Danny Romero

I write poetry about the world around me.

Danny Romero was born and raised in Los Angeles. He earned a BA from the University of California at Berkeley and an MA from Temple University in Philadelphia. His poems and short stories have been published in many anthologies and journals. He is the author of the novel Calle 10 (Mercury House) and a book of poetry Traces (Bilingual Review Press). He teaches at Sacramento City College. 

Professor at Sacramento City College, (Autobiography Writing Workshop/Chicano Literature/ Composition / UC Davis College Writing / Developmental Writing/ Fiction Writing Workshop/ Poetry Writing Workshop). 


Pachuco Heart: This American Experience Called Chicano

If my father were still alive, he would be turning one hundred years old next month. Unfortunately, he is long dead, 40 years now. The same number that separated me in age from my father separate me in age from my son now about to turn 20 next month. I will be 60 later this year, God willing. 

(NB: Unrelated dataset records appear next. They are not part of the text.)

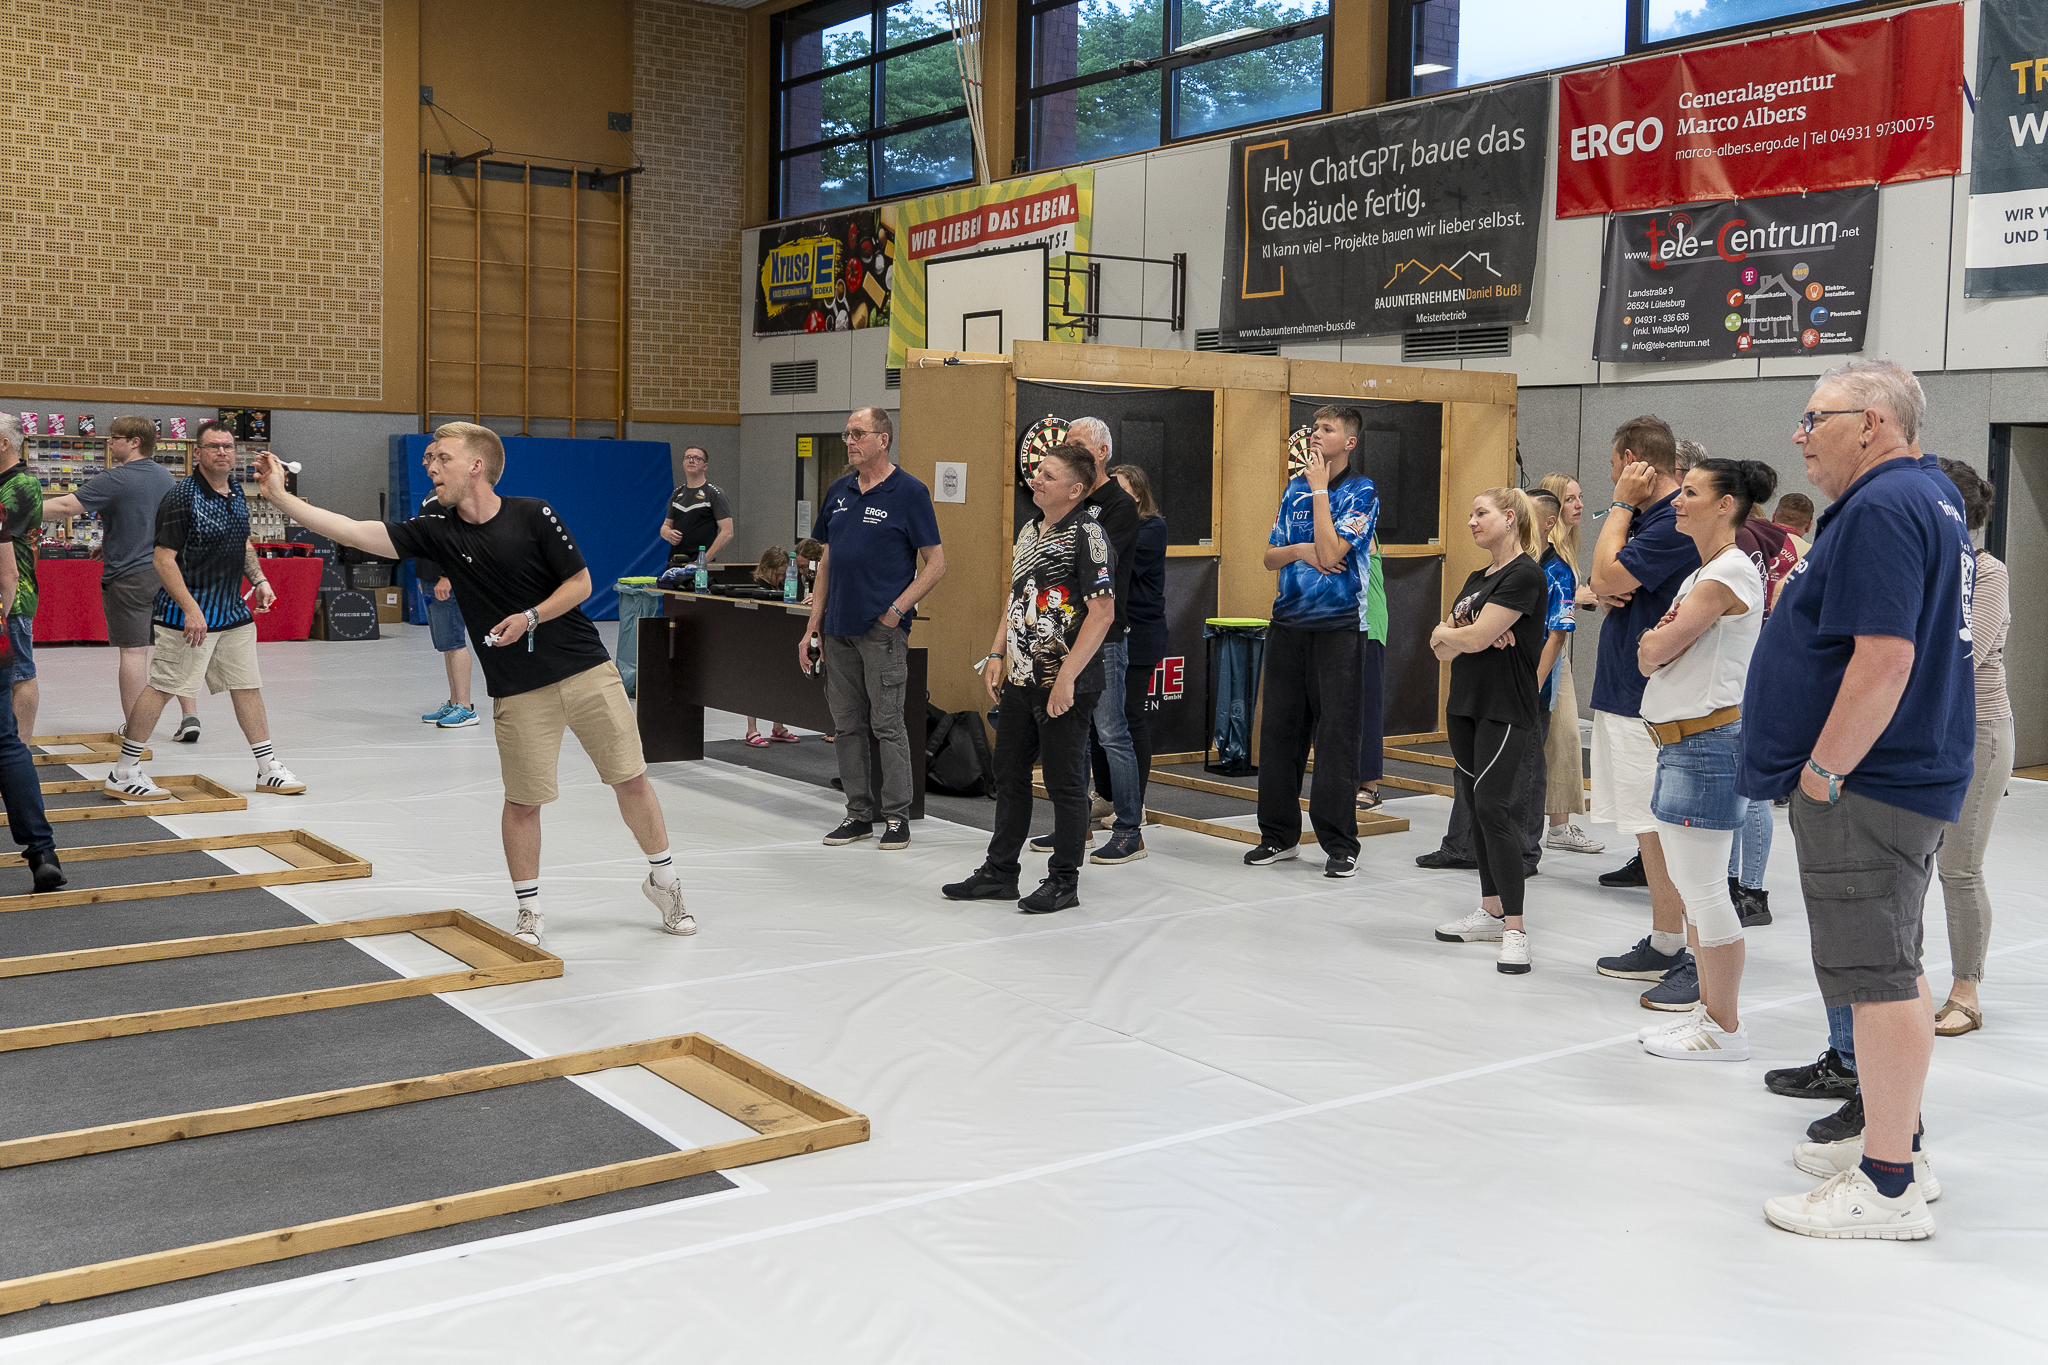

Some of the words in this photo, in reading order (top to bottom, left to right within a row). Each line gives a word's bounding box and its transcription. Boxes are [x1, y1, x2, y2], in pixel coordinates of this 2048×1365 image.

[1678, 72, 1836, 110] Generalagentur
[1677, 114, 1740, 136] Marco
[1743, 103, 1807, 128] Albers
[1570, 116, 1664, 162] ERGO
[1675, 135, 1800, 161] marco-albers.ergo.de
[1810, 129, 1828, 146] Tel
[1829, 126, 1871, 144] 04931
[1875, 115, 1935, 139] 9730075
[1264, 167, 1303, 197] Hey
[1310, 143, 1405, 187] ChatGPT,
[1411, 137, 1471, 168] baue
[1478, 124, 1526, 155] das
[1262, 194, 1358, 231] Gebäude
[1364, 185, 1427, 223] fertig.
[2005, 207, 2034, 222] WIR
[911, 228, 937, 252] WIR
[987, 207, 1019, 233] DAS
[1024, 194, 1076, 226] LEBEN.
[1262, 244, 1271, 259] KI
[1273, 242, 1300, 257] kann
[1303, 237, 1322, 253] viel
[1334, 230, 1379, 252] Projekte
[1382, 227, 1414, 244] bauen
[1416, 222, 1436, 237] wir
[1439, 215, 1475, 234] lieber
[1478, 211, 1526, 230] selbst.
[2004, 229, 2039, 244] UND
[771, 250, 810, 284] Kruse
[814, 285, 833, 295] EDEKA
[1374, 288, 1466, 310] BAUUNTERNEHMEN
[1466, 285, 1493, 301] Daniel
[1495, 283, 1518, 297] Buß
[1628, 287, 1667, 298] Landstraße
[1668, 286, 1674, 295] 9
[1744, 291, 1787, 300] Kommunikation
[1626, 301, 1649, 311] 26524
[1650, 299, 1686, 310] Lütetsburg
[1415, 310, 1467, 324] Meisterbetrieb
[1634, 315, 1657, 325] 04931
[1662, 313, 1676, 322] 936
[1676, 312, 1690, 321] 636
[1742, 314, 1792, 324] Netzwerktechnik
[1239, 319, 1356, 338] www.bauunternehmen-buss.de
[1632, 326, 1650, 337] (inkl.
[1652, 324, 1690, 335] WhatsApp)
[1631, 338, 1710, 352] info@tele-centrum.net
[864, 506, 888, 519] ERGO
[1292, 510, 1311, 520] TGT
[1780, 547, 1796, 563] OUR

My father was born in Goodyear, Arizona. His parents were from Mexico. I don’t know when they migrated to Arizona. I don’t know much about them. I do know that they made their way to the Watts area of Los Angeles by the early 1930s. 

My mother was born in Los Angeles in 1926. She is still alive and living there. Her mother was from Mexico, her father from southern Arizona. 

Much like the characters in the seminal Chicano drama Zoot Suit by Luis Valdez set in Los Angeles, my parents also came up during that time and in that place, right in the pachuco heart. And like those characters, the war would define them. 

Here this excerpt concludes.